The trustee also filed an exception to the refusal to allow credit for distribution of $1500 out of principal to the life tenant. His argument is that no statute required her to give security for the proceeds of the sale of real estate and that she was entitled to custody of the same, just as a life tenant of personal estate was entitled at common law. This fund was raised by the exercise of a power of sale of real estate by executors, and they were expressly directed as follows: “The proceeds of any real estate so sold, however, shall be held and applied for the same purposes and for the same persons as has been provided as to such real estate.” To carry out this trust the executors must retain the purchase money, and there is no analogy to the situation of a legal life tenant of personal estate.

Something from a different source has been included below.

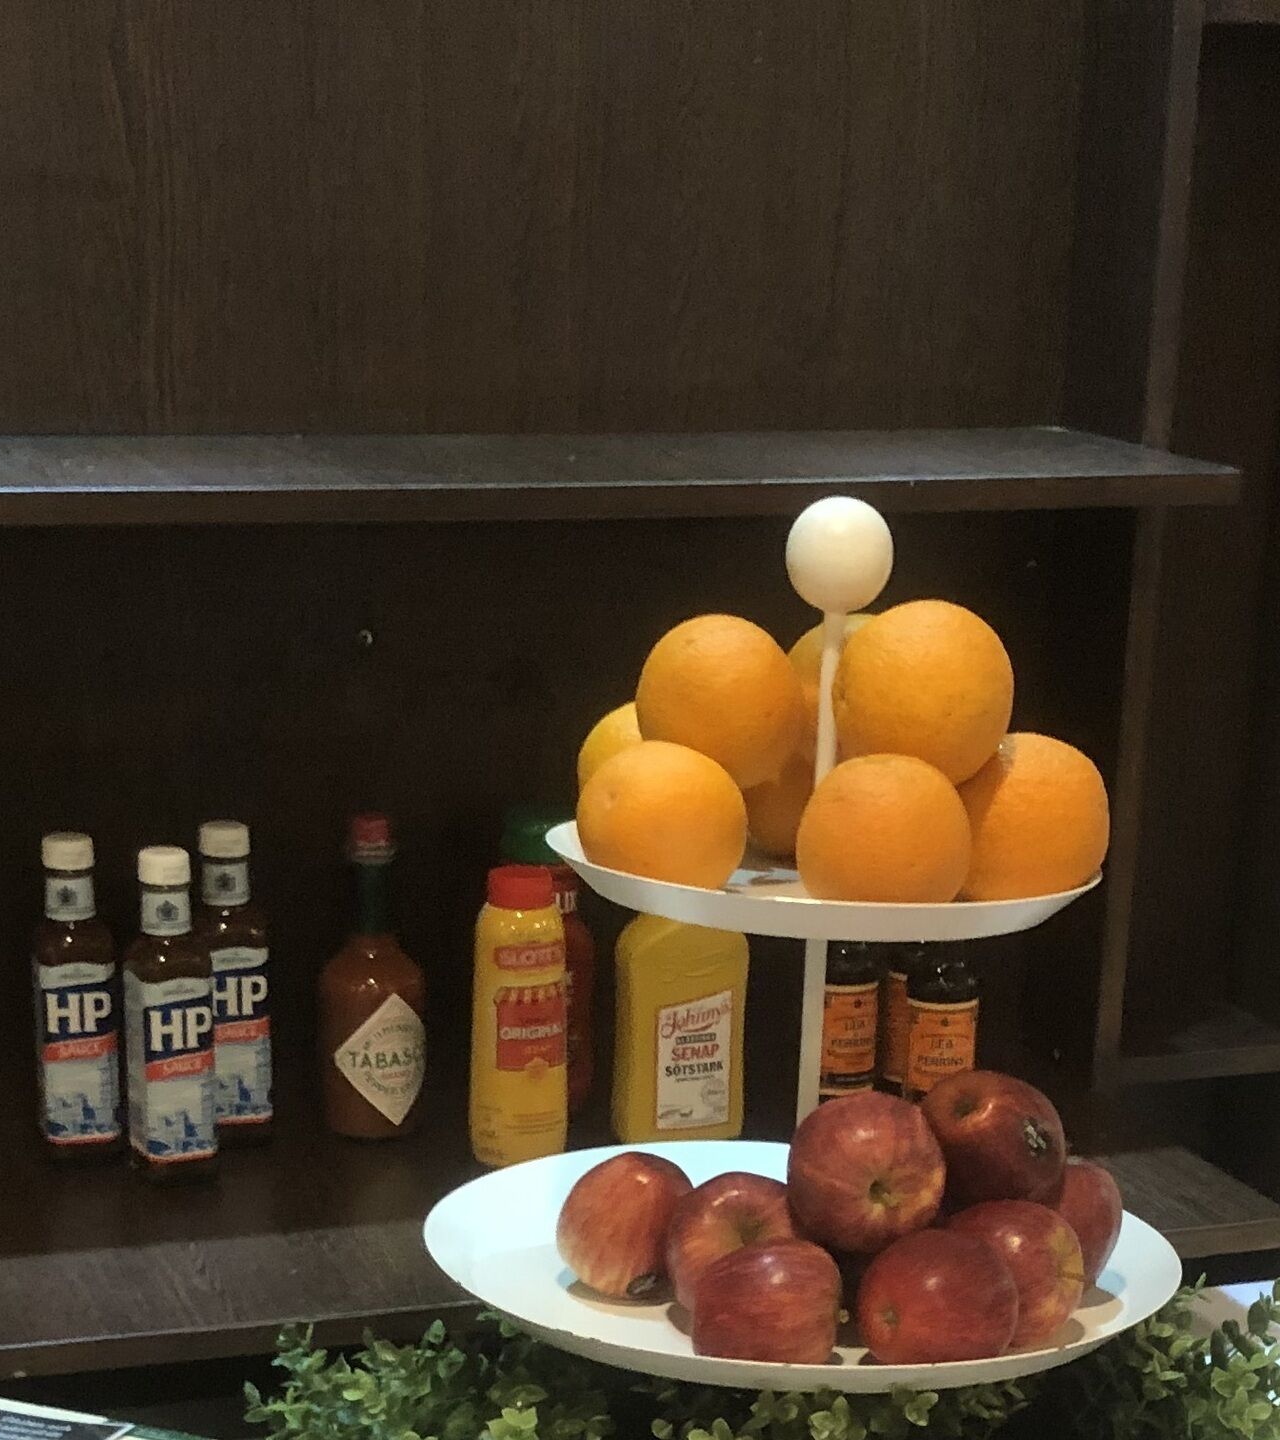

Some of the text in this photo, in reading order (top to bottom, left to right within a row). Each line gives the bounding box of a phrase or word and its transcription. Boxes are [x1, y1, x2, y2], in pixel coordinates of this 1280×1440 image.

Interest is asked by the exceptants on this amount. During Mrs. Keen’s lifetime it cannot be charged, as it would only go to the benefit of the person who got the money: Bateman's Estate, 21 Dist. R. 475; Dobbin’s Estate, 1 D. & C. 787. The auditor allowed the sum against Stella Keen’s income which might be due her, and it will be partly consumed thereby. If there is any balance, interest should be allowed on the same at 5.2 per cent, from March 3, 1907 (date of Stella Keen's death), to March 11, 1925 (the date of accountant’s death), and debited to income account, and to this extent exception No. 29 is sustained. In this instance, we think “the circumstances of the case” call for it in spite of the generally satisfactory yield. It is not money idle through lack of care, but a wrong application of money.

The exceptions of the accountant and of the distributees are dismissed, except exception No. 29 of the distributees, which is sustained as indicated above, and as so modified the auditor’s report is confirmed absolutely.